Larger late sodium conductance in M cells contributes to electrical heterogeneity in canine ventricle

Abstract

Action potentials and whole cell sodium current were recorded in canine epicardial, midmyocardial, and endocardial myocytes in normal sodium at 37°C. Tetrodotoxin (TTX) reduced the action potential duration of midmyocardial cells to a greater degree than either epicardial or endocardial cells. Whole cell recordings in potassium-free and very-low-chloride solutions revealed a slowly decaying current that was completely inhibited by 5 μM TTX or replacement of external and internal sodium with the impermeant cation N-methyl-d-glucamine. Late sodium current density at 0 mV was 47% greater in midmyocardial cells and averaged −0.532 ± 0.058 pA/pF in endocardial, −0.463 ± 0.068 pA/pF in epicardial, and −0.785 ± 0.070 pA/pF in midmyocardial cells. Neither the frequency dependence of late sodium current nor its recovery from inactivation exhibited transmural differences.
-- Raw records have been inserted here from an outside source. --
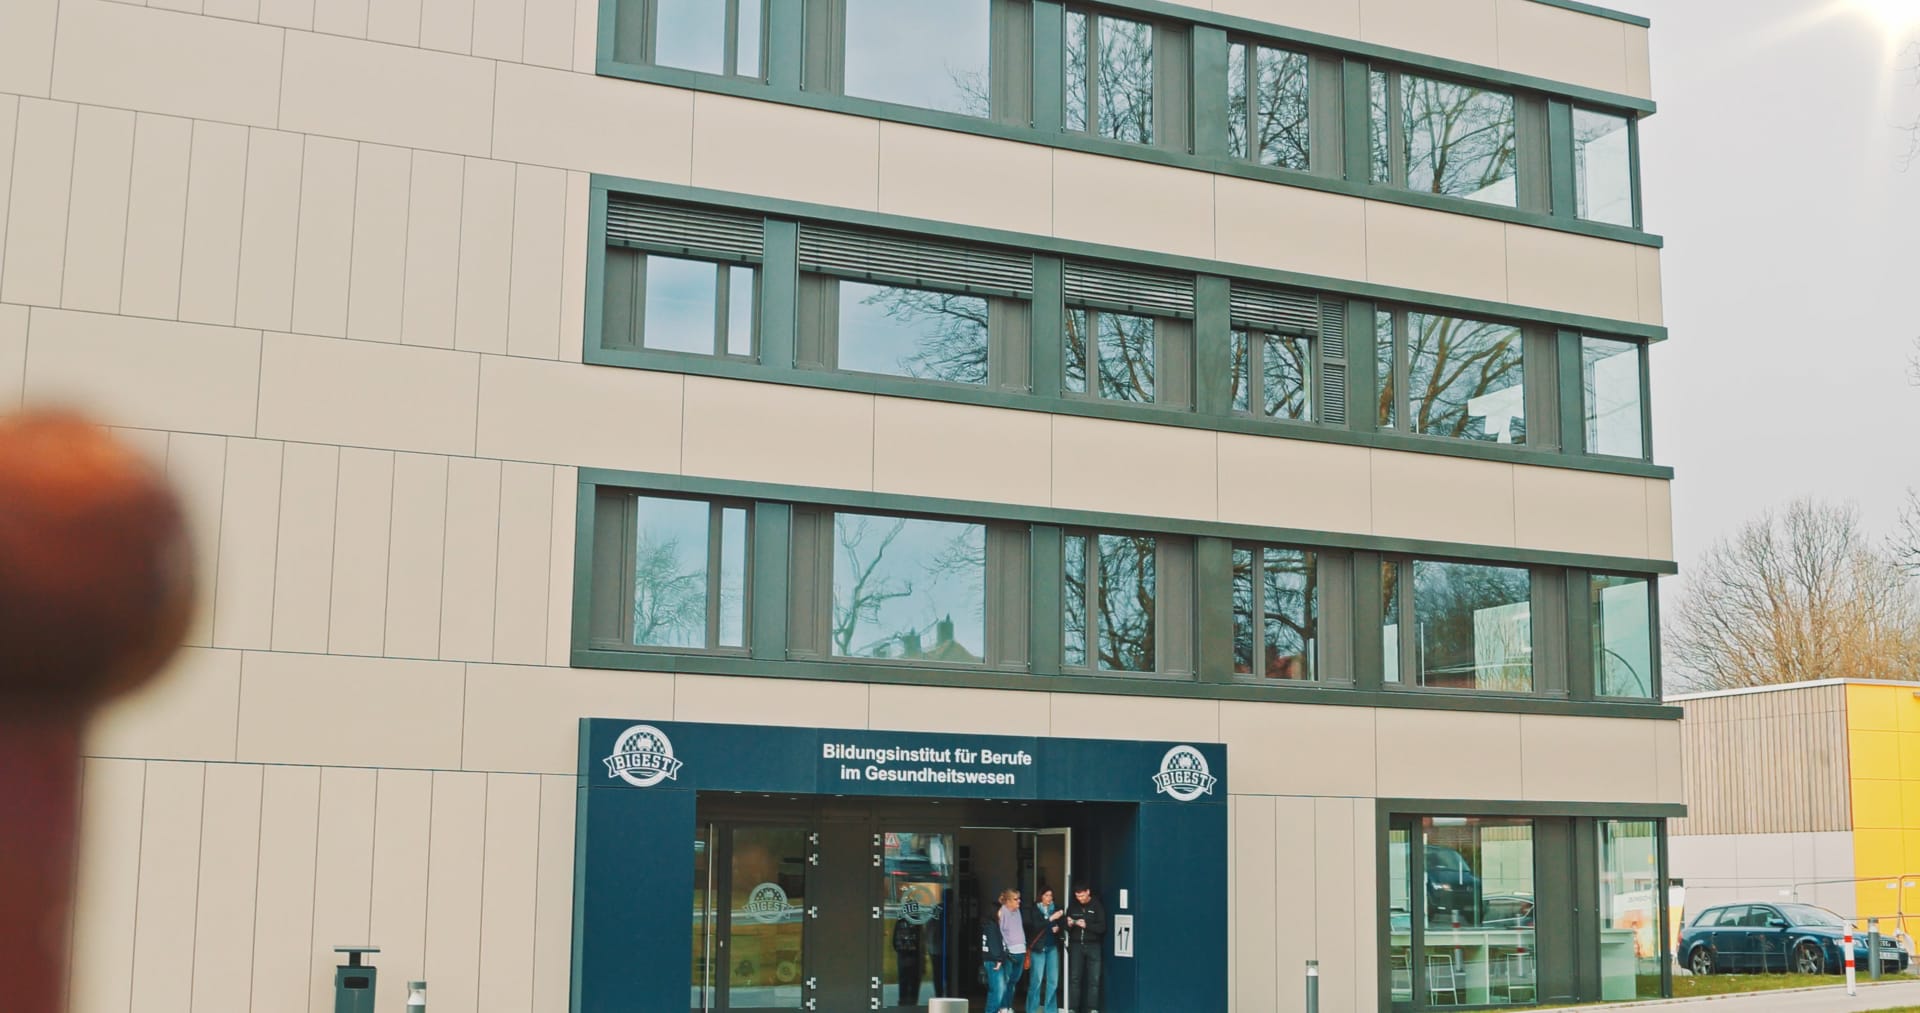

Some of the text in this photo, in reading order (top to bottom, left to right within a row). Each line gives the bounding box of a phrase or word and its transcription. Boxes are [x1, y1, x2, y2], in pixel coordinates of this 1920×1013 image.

[613, 753, 671, 771] BIGEST
[822, 743, 1032, 766] Bildungsinstitut für Berufe
[840, 764, 1015, 784] im Gesundheitswesen
[1161, 771, 1208, 787] BIGEST
[749, 902, 787, 912] BIGEST
[1117, 926, 1130, 951] 17
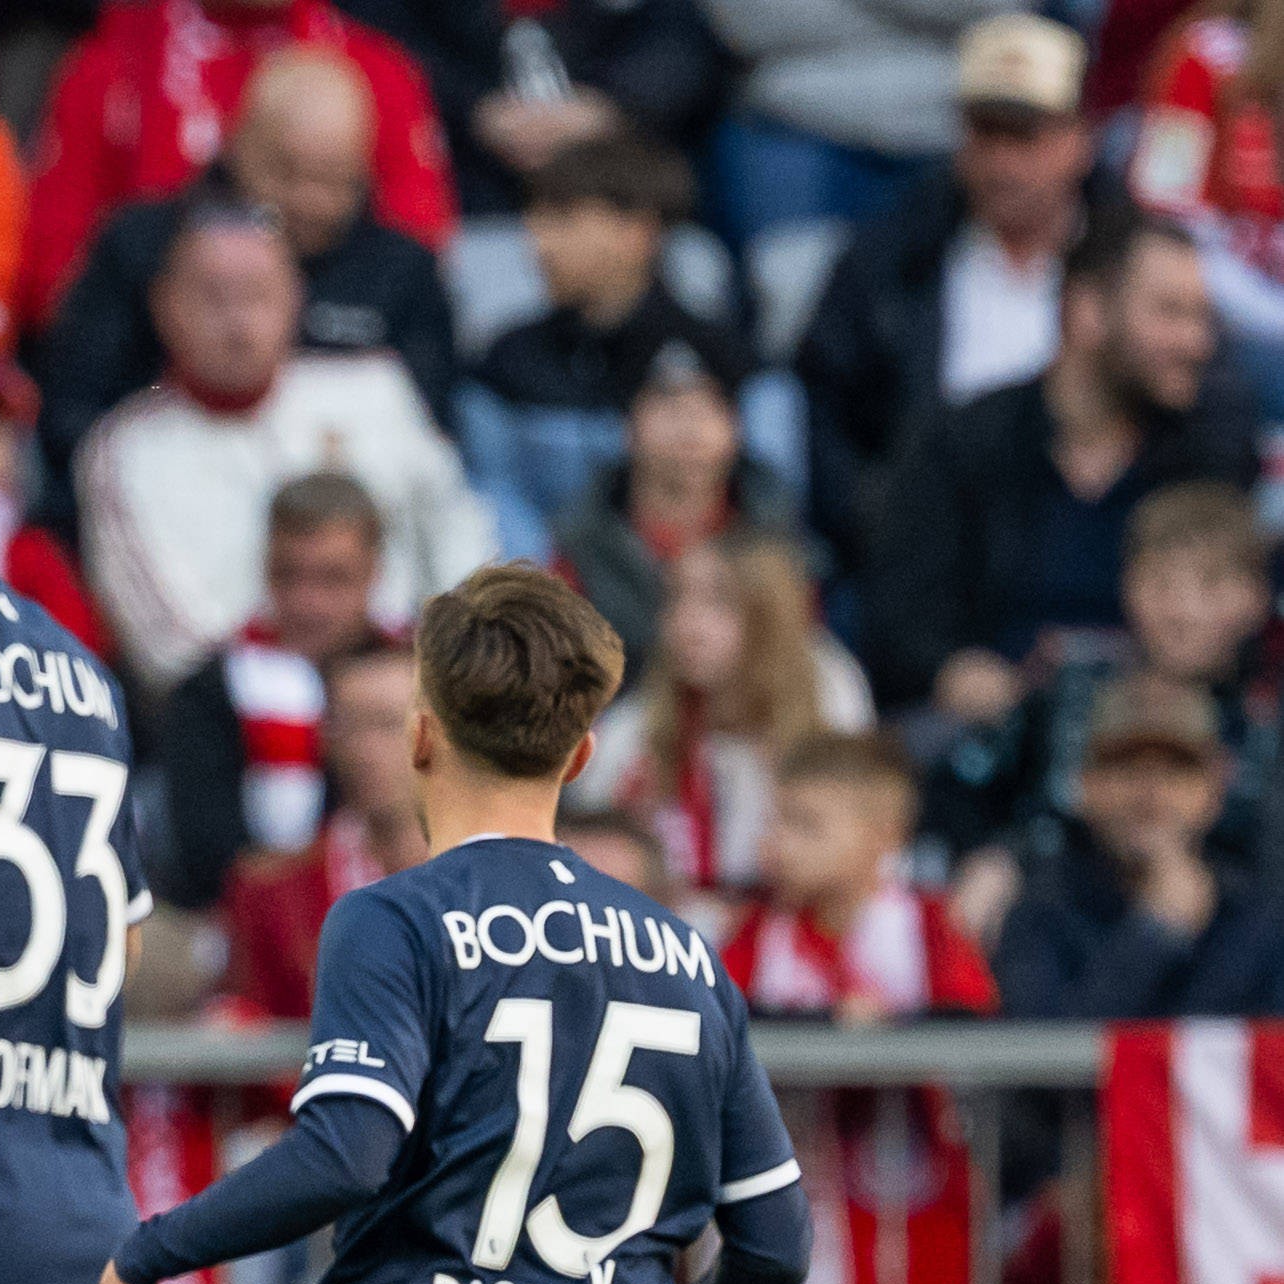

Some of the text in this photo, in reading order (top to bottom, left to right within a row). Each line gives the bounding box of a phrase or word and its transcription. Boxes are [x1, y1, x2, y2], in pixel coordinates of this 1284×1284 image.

[442, 899, 716, 988] BOCHUM
[301, 1038, 386, 1074] TEL
[471, 998, 701, 1279] 15
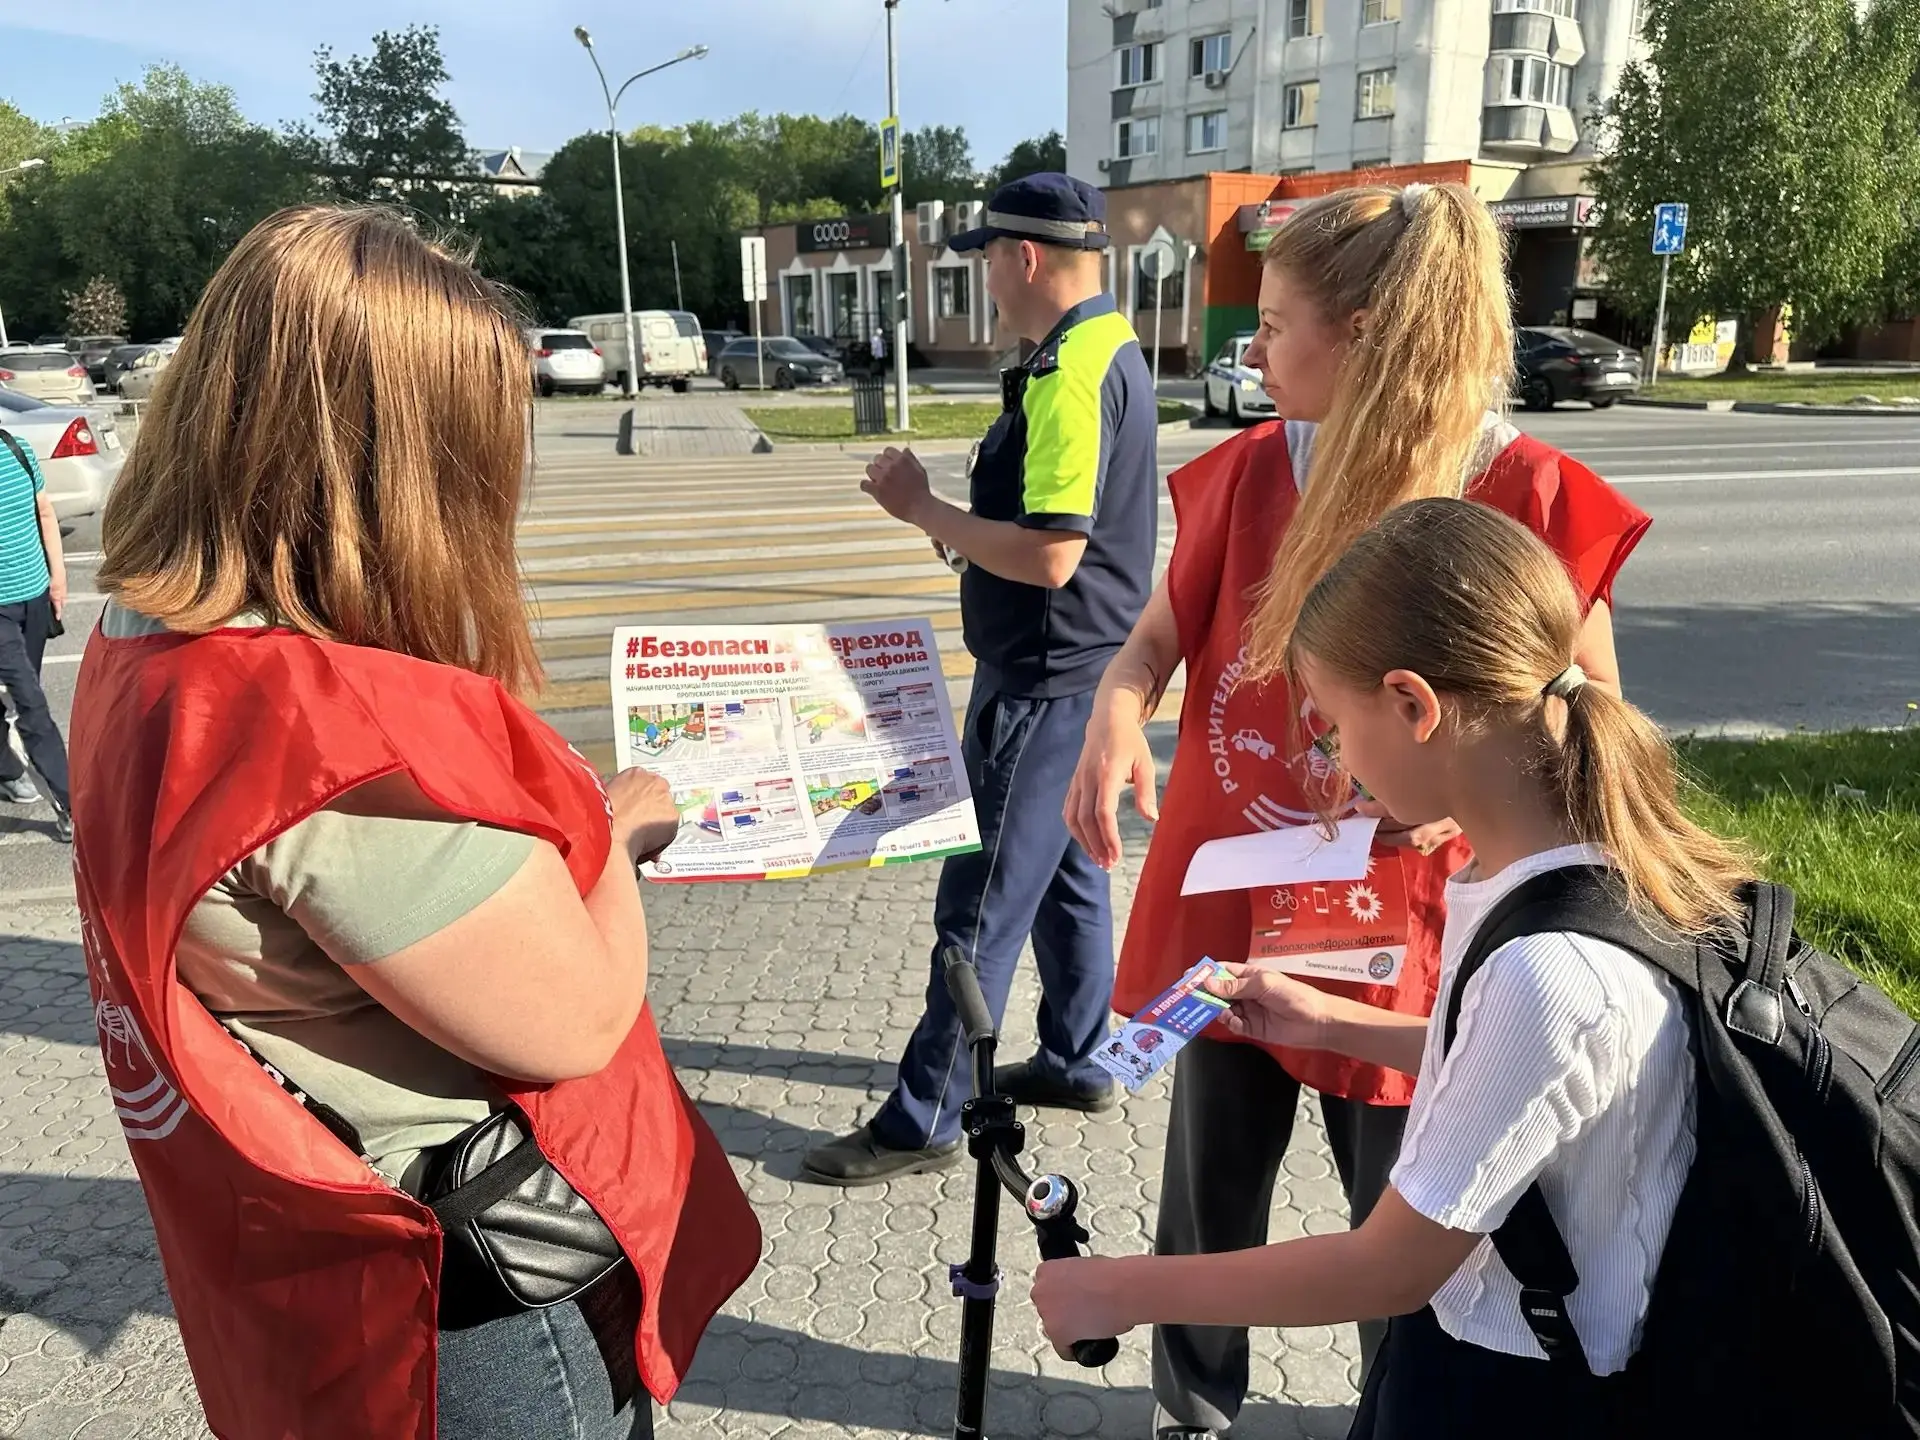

After a 4.5-s pulse to −30 mV, late sodium current recovered with a single time constant of 140 ms. We conclude that a larger late sodium conductance in midmyocardial cells will favor longer action potentials in these cells. More importantly, drugs that slow inactivation of sodium channels will produce a nonuniform response across the ventricular wall that is proarrhythmic.